What Taiwan Semiconductor And Intel Tell Us About Applied Materials

Taiwan Semiconductor (NYSE:TSM), the world’s largest pure-play foundry, reported on April 13, 2017, at its investor meeting that it cut foundry growth outlook for 2017, revising downward its forecast for 2017 global foundry growth to 5% from 7% due to elevated inventory in the supply chain.

Combined, pure-play foundries had total semiconductor revenues of $44.7 billion in 2016, representing 15.8% of the global semiconductor market.
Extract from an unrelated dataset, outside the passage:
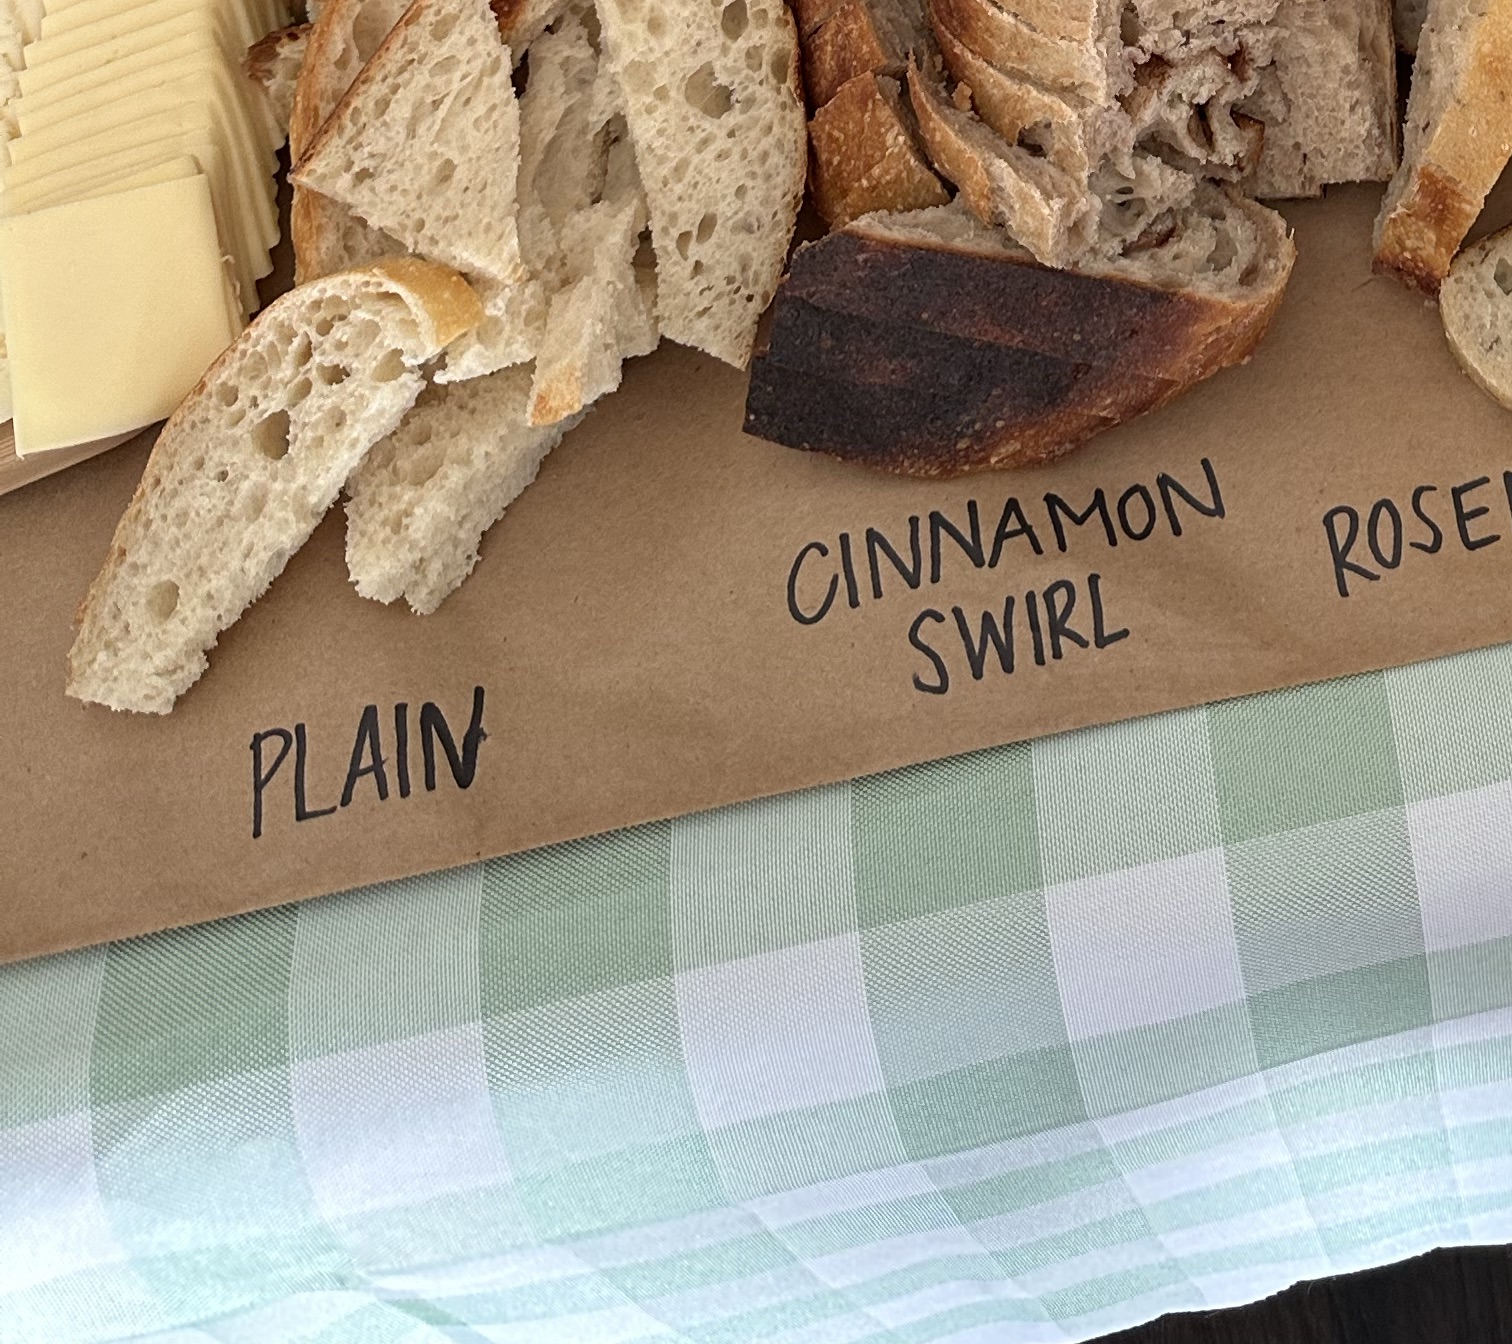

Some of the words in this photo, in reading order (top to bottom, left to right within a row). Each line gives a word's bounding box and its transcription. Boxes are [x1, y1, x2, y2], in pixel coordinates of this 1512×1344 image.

Besides TSMC, other pure-play foundries include Globalfoundries, UMC (NYSE:UMC), SMIC (NYSE:SMI), Powerchip Technology, TowerJazz (NASDAQ:TSEM), Vanguard International, Shanghai Huahong Grace, Dongbu, and X-Fab.

These revenue numbers don’t include non-pure-play foundries, which not only make chips for others, they make them for themselves. These companies include Samsung Electronics (OTC:SSNLF), Intel (NASDAQ:INTC), Texas Instruments (NYSE:TI), and ST Microelectronics (NYSE:STM).

In other words, the foundry market is huge. TSMC represented 16% of AMAT’s total company revenues in 2016.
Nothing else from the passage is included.